The agreement on a leaders’ declaration at New Delhi’s G20 summit was critical. It keeps the group alive as a vehicle for the US, its allies and the major emerging economies – particularly China – to work together on addressing escalating economic and social challenges.
But the G20 still failed to take the kind of urgent, ambitious action required, in large part due to a continuing lack of trust between the US and China.
Agreeing a declaration was necessary
G20 declarations are often long and heavily caveated, leading many commentators to question their purpose and value.
But they do serve an important role in recording what has been agreed, enabling signatories to be held to account, and signalling new policy directions to groups like private sector firms and civil society.
If no declaration had emerged from New Delhi, it would have been a major blow to the G20’s credibility as an institution and to the prestige of India as host.
The declaration itself is therefore good news: neither the G7 nor the BRICS group can substitute for the G20 as the premier global forum for international economic cooperation.
G7 nations took the right decision in compromising on language referencing the war in Ukraine – probably concluding that China would otherwise be willing to see no declaration agreed, and may have prepared for this by sending Premier Li rather than President Xi.
While the statement did not mention Russia by name, it pointedly noted that ‘all states must refrain from the threat or use of force to seek territorial acquisition against the territorial integrity and sovereignty or political independence of any state’. It also called for ‘the cessation of military destruction or other attacks on relevant infrastructure.’ Both these statements are clearly directed at Russia.
Russia’s attack on Ukraine is critically important in the G20 context because it undermines the very principles on which the G20 is based, including respect for international law and national sovereignty.
But the compromise enabled agreement on other pressing issues after none of the preceding ministerial meetings had resulted in formal agreement.
Some positive outcomes
The summit text reflected the Indian presidency’s theme that the world needs to pursue growth, but in a manner which safeguards the climate, noting that ‘we resolve to pursue environmentally sustainable and inclusive economic growth and development in an integrated, holistic and balanced manner.’ It also calls for a renewed effort to achieve the UN’s Sustainable Development Goals.
Most significantly it called for ‘bigger, better, more effective development banks’.
This built on the momentum created by President Macron’s Summit for a New Global Financing Pact in June and raises the bar for decisions at the World Bank-IMF meetings next month.
To support this effort, President Biden has asked the US Congress to agree to capital contributions which would enable the World Bank to increase its lending to low- and middle-income countries by $25 billion.

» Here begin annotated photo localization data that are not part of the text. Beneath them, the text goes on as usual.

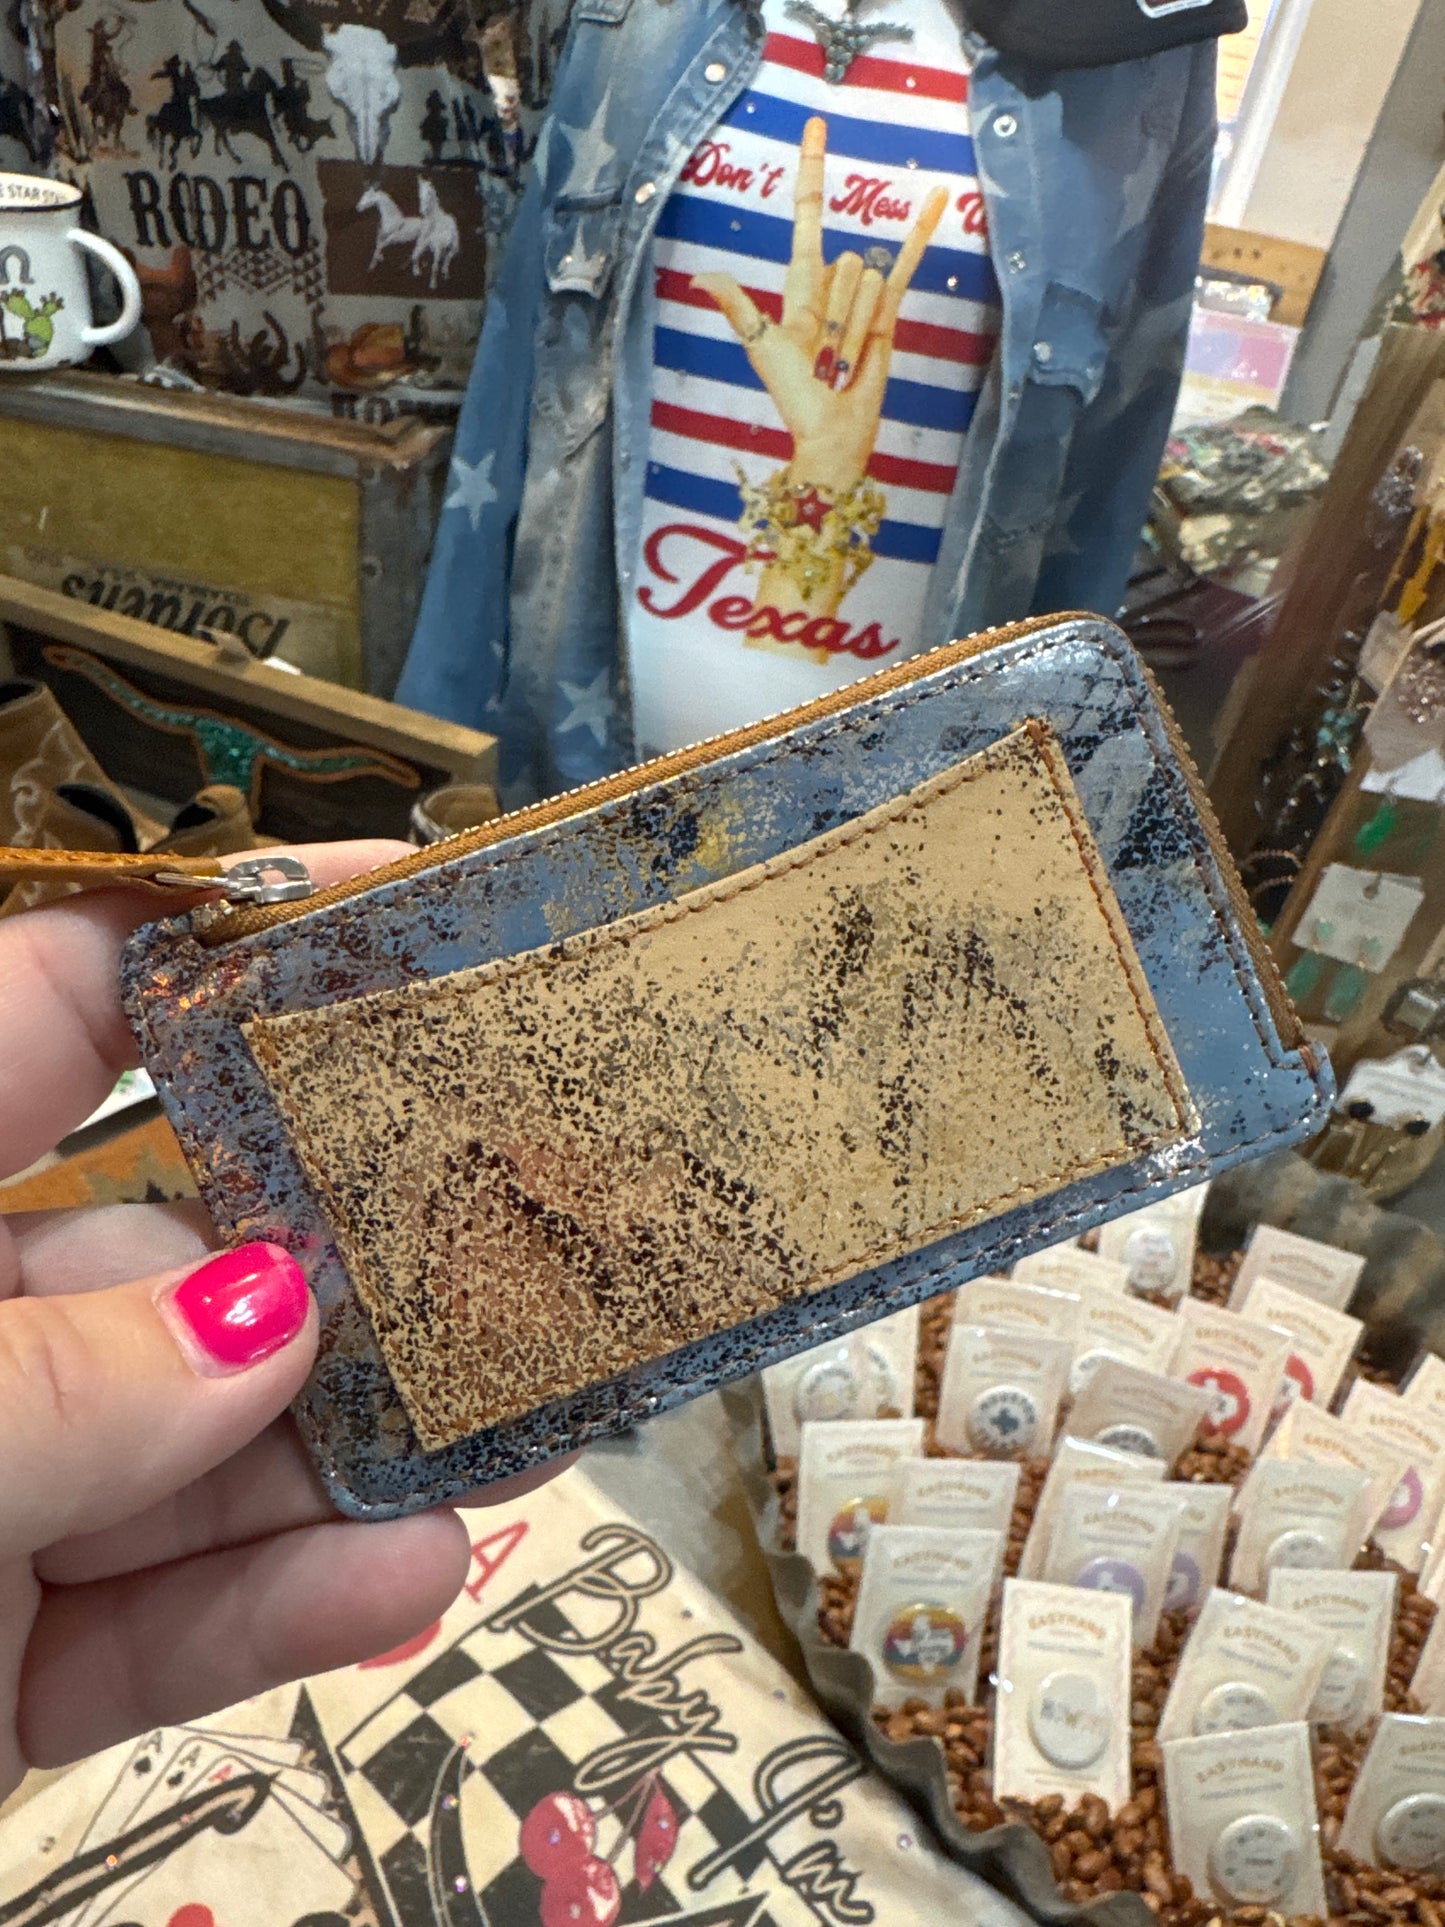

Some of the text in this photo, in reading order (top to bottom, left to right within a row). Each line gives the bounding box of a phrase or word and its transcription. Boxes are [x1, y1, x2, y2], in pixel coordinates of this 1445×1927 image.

[122, 170, 311, 258] RODEO
[679, 139, 785, 199] Don't
[829, 174, 911, 226] Mess
[637, 523, 899, 660] Texas
[486, 1523, 743, 1793] Baby

The declaration includes strong support for the WTO and ‘a fully and well-functioning dispute settlement system accessible to all members by 2024’.
It also features support for the Pandemic Fund and reaching new agreements on pandemic preparedness and response; for tripling renewable energy capacity globally by 2030; and for work on the macroeconomic risks posed by climate change.
Failing to meet the scale of the challenge
But compared with the scale of the challenges the world now faces – particularly on climate change and the related threat of food insecurity, but also on debt distress and future threats to global health – the outcome was disappointing.
For example, the declaration calls for ‘accelerating efforts towards phasedown of unabated coal’, rather than ‘phasing out’. It makes no mention of action to reduce use of other fossil fuels, except repeating an important, but long-standing, call to tackle fossil fuel subsidies.
This needs to be set against Secretary-General António Guterres’ description of the latest evidence on climate change as a ‘code red for humanity’.
Meanwhile emerging markets (excluding China) and other developing economies will require about $1 trillion in climate finance per year, but data suggests that they are currently receiving only 27 per cent of the necessary flows.
So, while the G20 has survived, there remains a pressing issue of how to step up its delivery in concrete terms. This will be a key question for the next presidency, Brazil, and for those that follow, South Africa and the US.
At the heart of the challenge is how to build a greater level of trust between all members of the group.
The need for greater trust
Understanding between advanced and developing countries may be helped by the agreement for the African Union formally to join the G20, by the progress made on expanding the multilateral development banks, and by the expectation that the commitment on $100 billion per year in climate finance from developed to developing countries will finally be met in 2023.
More intractable is the issue of trust between the West and China.
Western views are shaped by the experience of China’s participation in international agreements, such as those underpinning the WTO, where it is widely seen to have followed the letter rather than spirit.
China meanwhile sees the US assertion that it does not wish to block China’s development, and wants to cooperate on some issues while competing on others as ‘insincere’.
This is not helped by the nature of the debate in the US Congress, where for example the Biden administration has felt the need to present the call for additional World Bank financing as a way to counter China’s Belt and Road Initiative.